→ WHAT THE TASK ASKS: A faithful copy of all the records is needed, with the pictures omitted.

→ MATERIAL TO PROCESS:
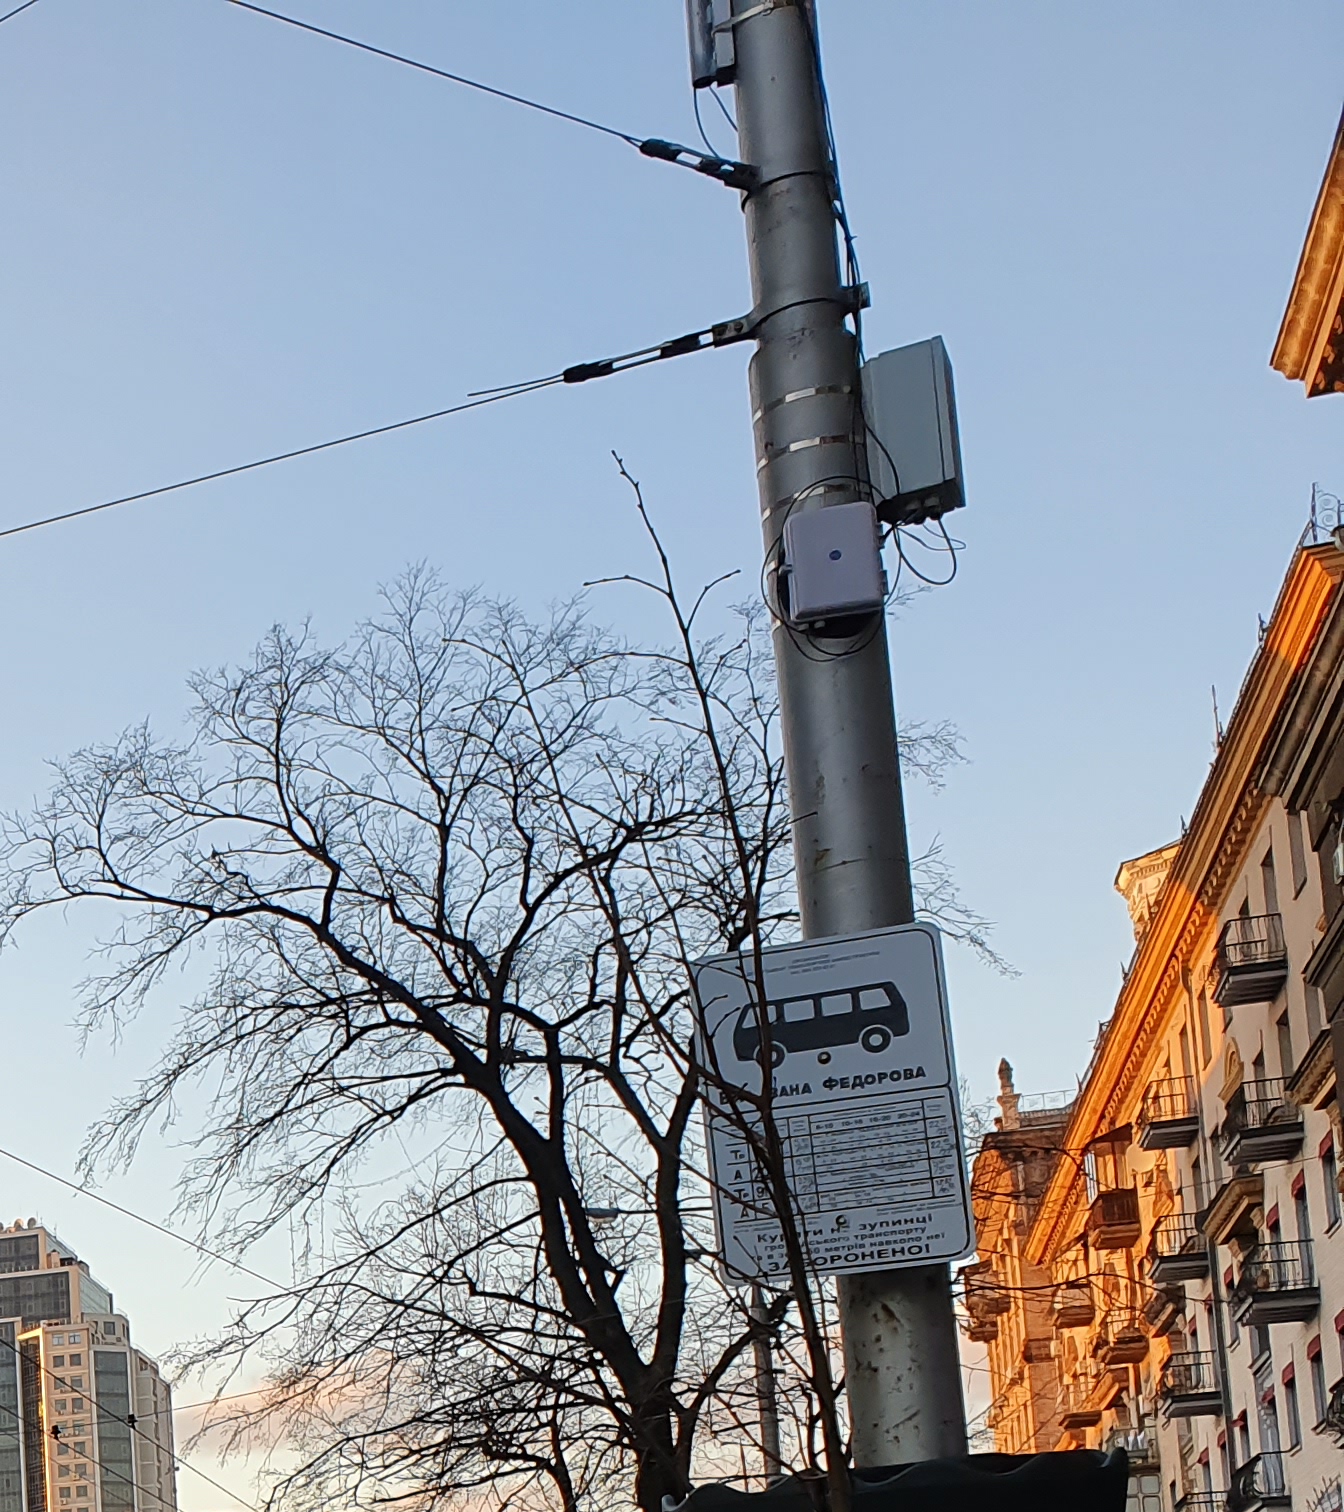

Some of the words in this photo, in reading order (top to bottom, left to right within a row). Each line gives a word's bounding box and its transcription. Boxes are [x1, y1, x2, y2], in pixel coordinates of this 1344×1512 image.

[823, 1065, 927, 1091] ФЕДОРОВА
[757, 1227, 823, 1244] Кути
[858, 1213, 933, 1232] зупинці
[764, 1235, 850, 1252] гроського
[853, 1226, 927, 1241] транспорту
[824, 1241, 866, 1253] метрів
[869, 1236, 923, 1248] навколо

→ WRITTEN SOLUTION:
Some of the words in this photo, in reading order (top to bottom, left to right within a row). Each line gives a word's bounding box and its transcription. Boxes are [x1, y1, x2, y2], in pixel coordinates of this 1344×1512 image.

[823, 1065, 927, 1091] ФЕДОРОВА
[757, 1227, 823, 1244] Кути
[858, 1213, 933, 1232] зупинці
[764, 1235, 850, 1252] гроського
[853, 1226, 927, 1241] транспорту
[824, 1241, 866, 1253] метрів
[869, 1236, 923, 1248] навколо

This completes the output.